The result is exactly what we see in the rotten meat scandal—a web of corrupt systems, faceless traders, and profit-driven shortcuts that leave us vulnerable. When we no longer know or care where our food comes from, we become easy prey. And when scandals erupt, we discover too late that our safety nets have long been dismantled.
If we are serious about protecting ourselves from adulterated food, from scams that poison both body and trust, we must go beyond outrage and return to action. The solution is neither exotic nor impossible—it is a return, in spirit and practice, to our old traditions. Every household that has space and means should consider keeping a few birds or animals, not only for personal consumption, but as an act of self-reliance and quiet defiance against the systems that exploit our dependence. Efforts in animal rearing and food production are acts of compassion and self-reliance—a reclamation of dignity and a safeguard against the corrupt systems that feed us poison under the guise of convenience. They are shields against both physical harm and the deeper harm of helplessness. They are also, in a very real sense, acts of cultural preservation. The barn, the cowshed, the chicken coop—these are not relics of a bygone era; they are living links to a way of life that valued quality, trust, and community over showy appearances. Even in the most developed countries, people never abandon basic, life-supporting and life-enriching farming practices, taking pride in self-sufficiency and self-reliance in meeting these fundamental needs.

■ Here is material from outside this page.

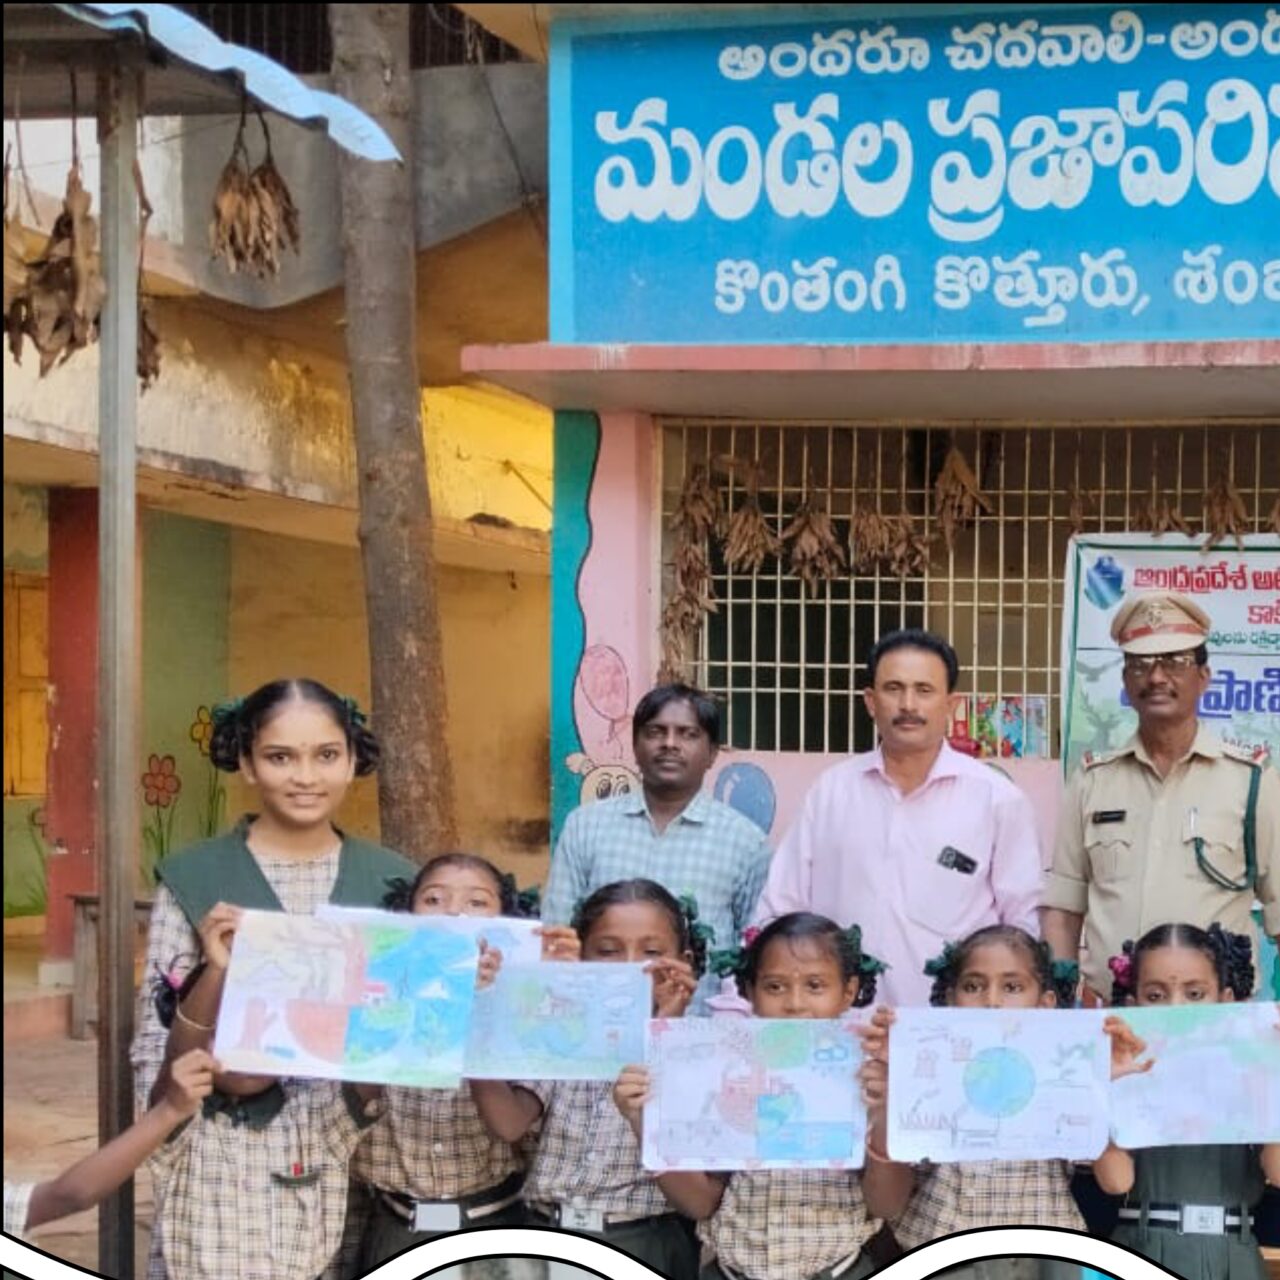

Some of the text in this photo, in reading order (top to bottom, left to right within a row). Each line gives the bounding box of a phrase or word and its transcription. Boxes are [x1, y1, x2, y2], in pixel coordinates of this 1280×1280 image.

[718, 27, 929, 81] అందరూ
[595, 94, 913, 223] మండల
[715, 255, 906, 313] కొంతంగి
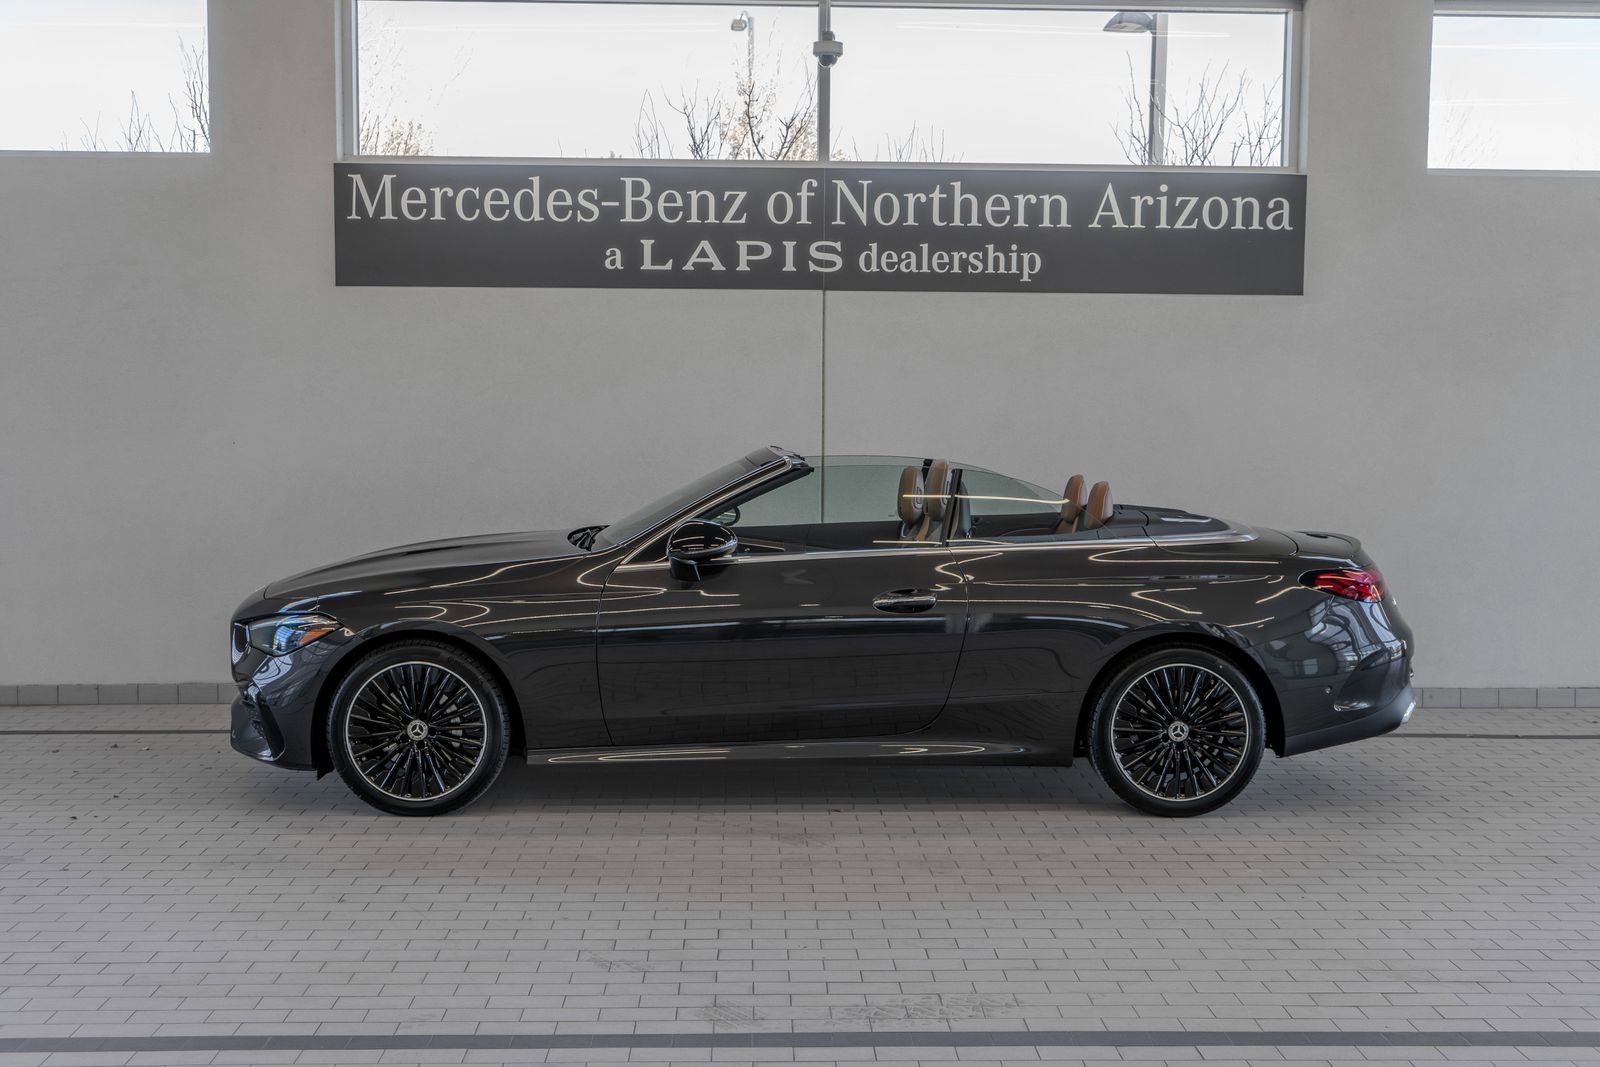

The rotten meat scandal is not just a story of bad traders or lax enforcement. It is, at its heart, a story about us—about the choices we have made, the values we have abandoned, and the illusions we have embraced. We traded our cowsheds and coops for the glittering restaurants, market places, and the delusion of “progress.” We cultivated the false belief that regulation alone could protect us. Our elders ate what they grew and reared; their trust in food was grounded in their own hands. We have traded that for convenience, only to discover that convenience has a hidden cost.
The truth is plain: if we want safe food, we must once again value the labour and skills that produce it. This does not mean turning back the clock or rejecting modern life entirely. It means blending the best of modern tools with the wisdom of tradition. It means teaching our children that tending a cow is not shameful, that collecting fresh eggs is not “village work” to be sneered at, but a proud act of self-care.
A dozen hens, one or two cows, or a few sheep—these modest resources can make a household not only richer in food, but richer in security, in taste, in independence. They offer a small but meaningful resistance to the industrial food system that has brought us to this point. They reconnect us to the cycles of nature, the seasons of the land, and the knowledge that the best things we can eat are the ones we have nurtured ourselves.
If we want safe food and dignity, we must return to the soil, to the barn, to the flock—before modernity feeds us rot again. The path back is not easy, but it is clear. It begins with a hen in the yard, a cow in the shed, and the quiet satisfaction of knowing that what is on our plate is honest, safe, and truly ours.